### Items from a dataset

+++

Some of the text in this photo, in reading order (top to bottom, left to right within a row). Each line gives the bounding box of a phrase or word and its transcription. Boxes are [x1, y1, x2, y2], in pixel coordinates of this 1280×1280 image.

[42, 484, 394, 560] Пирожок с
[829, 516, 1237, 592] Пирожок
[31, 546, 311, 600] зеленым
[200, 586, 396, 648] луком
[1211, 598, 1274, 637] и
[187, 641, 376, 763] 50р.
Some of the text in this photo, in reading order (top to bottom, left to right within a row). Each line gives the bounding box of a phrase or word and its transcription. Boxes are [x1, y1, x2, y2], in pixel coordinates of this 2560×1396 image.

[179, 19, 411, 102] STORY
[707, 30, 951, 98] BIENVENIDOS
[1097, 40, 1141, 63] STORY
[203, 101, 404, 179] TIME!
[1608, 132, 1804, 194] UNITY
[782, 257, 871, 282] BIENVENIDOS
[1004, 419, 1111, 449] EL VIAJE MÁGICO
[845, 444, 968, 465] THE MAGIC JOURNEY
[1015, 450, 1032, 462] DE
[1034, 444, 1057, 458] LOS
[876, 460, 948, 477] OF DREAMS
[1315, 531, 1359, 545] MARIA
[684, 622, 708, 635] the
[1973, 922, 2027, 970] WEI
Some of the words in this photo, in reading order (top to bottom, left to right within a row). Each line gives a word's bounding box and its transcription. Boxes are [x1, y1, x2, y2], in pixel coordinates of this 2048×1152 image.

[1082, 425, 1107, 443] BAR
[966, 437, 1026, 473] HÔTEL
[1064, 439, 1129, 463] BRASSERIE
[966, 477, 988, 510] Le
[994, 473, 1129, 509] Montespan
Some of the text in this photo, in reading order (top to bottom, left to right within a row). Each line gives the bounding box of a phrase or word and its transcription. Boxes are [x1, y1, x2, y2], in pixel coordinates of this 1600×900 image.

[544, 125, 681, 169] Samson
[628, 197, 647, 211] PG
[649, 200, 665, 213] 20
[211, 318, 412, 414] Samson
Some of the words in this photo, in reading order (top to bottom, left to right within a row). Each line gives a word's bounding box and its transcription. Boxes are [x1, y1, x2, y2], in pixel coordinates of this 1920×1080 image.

+++

### Assigned task
Each line from the one containing "this 2560×1396 image." to the end of the entries above should be copied exactly, and no other line.

### Task solution
Some of the text in this photo, in reading order (top to bottom, left to right within a row). Each line gives the bounding box of a phrase or word and its transcription. Boxes are [x1, y1, x2, y2], in pixel coordinates of this 2560×1396 image.

[179, 19, 411, 102] STORY
[707, 30, 951, 98] BIENVENIDOS
[1097, 40, 1141, 63] STORY
[203, 101, 404, 179] TIME!
[1608, 132, 1804, 194] UNITY
[782, 257, 871, 282] BIENVENIDOS
[1004, 419, 1111, 449] EL VIAJE MÁGICO
[845, 444, 968, 465] THE MAGIC JOURNEY
[1015, 450, 1032, 462] DE
[1034, 444, 1057, 458] LOS
[876, 460, 948, 477] OF DREAMS
[1315, 531, 1359, 545] MARIA
[684, 622, 708, 635] the
[1973, 922, 2027, 970] WEI
Some of the words in this photo, in reading order (top to bottom, left to right within a row). Each line gives a word's bounding box and its transcription. Boxes are [x1, y1, x2, y2], in pixel coordinates of this 2048×1152 image.

[1082, 425, 1107, 443] BAR
[966, 437, 1026, 473] HÔTEL
[1064, 439, 1129, 463] BRASSERIE
[966, 477, 988, 510] Le
[994, 473, 1129, 509] Montespan
Some of the text in this photo, in reading order (top to bottom, left to right within a row). Each line gives the bounding box of a phrase or word and its transcription. Boxes are [x1, y1, x2, y2], in pixel coordinates of this 1600×900 image.

[544, 125, 681, 169] Samson
[628, 197, 647, 211] PG
[649, 200, 665, 213] 20
[211, 318, 412, 414] Samson
Some of the words in this photo, in reading order (top to bottom, left to right within a row). Each line gives a word's bounding box and its transcription. Boxes are [x1, y1, x2, y2], in pixel coordinates of this 1920×1080 image.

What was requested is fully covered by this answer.